1. I went to a local craft store,bought some brightly colored tag board and created a chart. Every time my son listens or helps, we put a sticker on the board. When the board gets full he gets a treat or toy. What is important here is that kids tie the good behavior to a reward that makes them feel good with positive reinforcement.
2. I also picked up a notebook and said to my son, “I think you are really creative. What would you think if we created a list of family rules in our house? Wouldn’t that be a great idea?” He responds with a yes and then I say, ” I need your help. What do you think they should be?” This gets buy in (with a little coaching).
Once we finished I said, “Wow – you are really good at this! So now, we both agree that these are our family rules? Remember, you created them, so do we agree moving ahead we will stick to them? Can we shake hands on that, Great! Lets sign it together! “(you may need to repeat this 4-5 times).
I took everything he said and turned it into a positive statement, had him sign the paper and explained what the signing meant (a promise or a contract). So for example, if he said, “Don’t complain”, I changed it to “We always help family without being asked.”
When he began acting up by not listening, I would point to the refrigerator where the rules were posted and calmly say, “Hmmmm, do you think that one is part of the family rules? Remember what it meant when we signed it? Don’t forget, you made those family rules all by yourself.”
It is also important to brag about the rules list in front of family and friends in front of him ‘Johnny made up a list of rules for our house, isn’t that terrific?’ Then say ‘What do you think we need to do to make sure we are following the rules?” Can we pretend this never happened and try to do it again using the rules? What would that look like?…
It’s brilliant – they come up with the answers and you look like a shining star. I believe our kids want to please us. This is especially true when we are giving them positive reinforcement.
Don’t forget to keep those rules up on the refrigerator!!
Here is the rules list for our family:
a. We say nice words and are kind
b. We listen and pay attention
c. We cooperate and work together like a friend
d. We always do what is right
e. We respect what we have
f. We express our feelings
g. We encourage each other
h. We laugh, make funny jokes and always give hugs and kisses
i. We talk in a respectful tone
j. We use our words, ask for what we need
k. Always tell the truth and be honest
l. Be thankful
m. We help family without being asked
n. We use constructive criticism
o. We separate the person from the behavior (he is too young to get this now, but as he grows he will come to understand what that means).

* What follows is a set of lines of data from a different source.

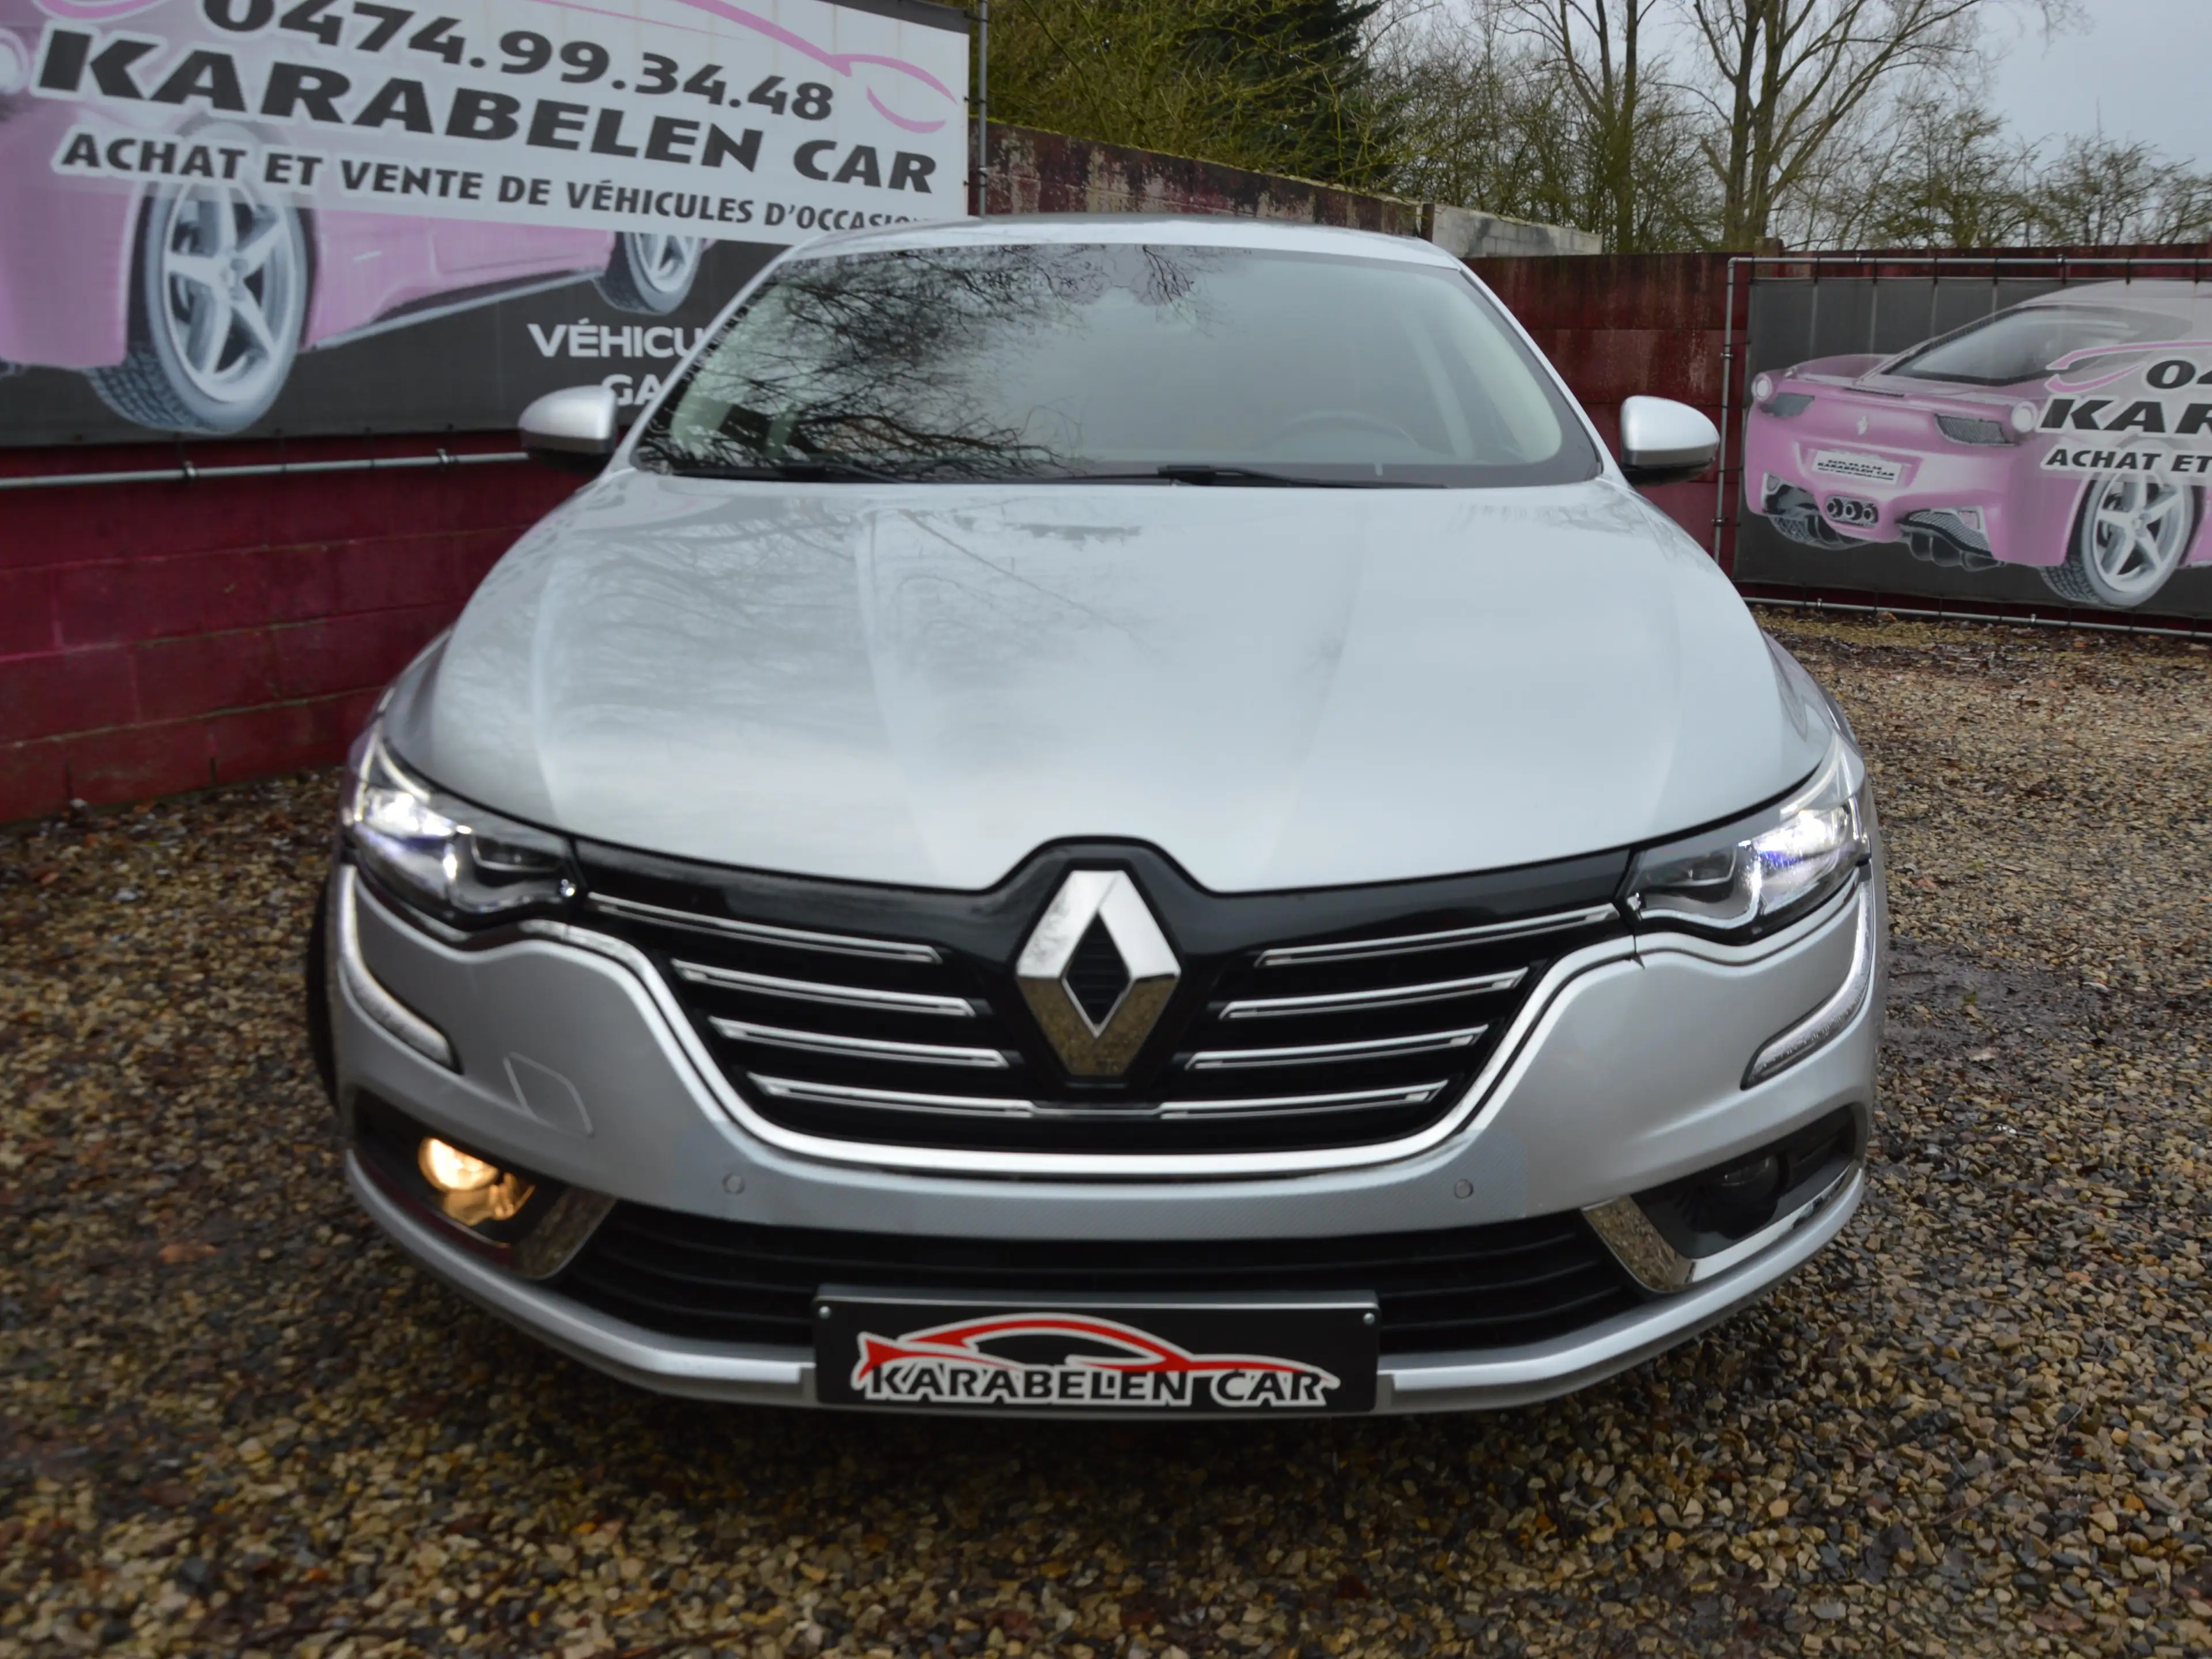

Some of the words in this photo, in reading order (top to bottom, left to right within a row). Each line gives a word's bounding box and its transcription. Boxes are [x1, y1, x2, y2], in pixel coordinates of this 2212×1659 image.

[203, 0, 834, 121] 0474.99.34.48
[39, 29, 763, 173] KARABELEN
[793, 140, 937, 194] CAR
[61, 132, 246, 180] ACHAT
[264, 153, 323, 186] ET
[341, 160, 483, 200] VENTE
[498, 175, 551, 206] DE
[567, 181, 753, 224] VÉHICULES
[2045, 449, 2162, 471] ACHAT
[2171, 454, 2212, 473] ET
[871, 1366, 1189, 1401] KARABELEN
[1216, 1370, 1321, 1401] CAR

By Kakie Fitzsimmons, Vice President and founding partner, Farmer’s Hat Productions co-author Bur Bur and Friends book series, catch up with Kakie at http://burburandfriends.com/
Take care Ruth
Selasa, 07 September 2010
Do you find that the more your child misbehaves the more you think about it and the more you think about it the worse it gets? Then it's time to take a step back and think about how you really want your child to behave.
By taking the time to regularly think about how you would like your child to behave you will find yourself focusing more on their good behaviour and encouraging more of that.
It is vital that you pay more attention to how you would like your children to behave because children will do more of what they get attention for and by thinking about how you would like your child to behave you will start to ask yourself the right questions about how you can get your child to behave in that way.
For example, if you feel that your child is unco-operative and never helps you out and you would like your child to be more co-operative and helpful, stop saying to yourself my child is unco-operative and never helps me out and start to ask yourself,
"How can I get my child to be more co-operative and helpful?"
This way you will start to come up with the answers you need.
You can start to think about how you want your child to behave by making a list of 5 behaviours you don't like and making them into a positive statement instead like the one above.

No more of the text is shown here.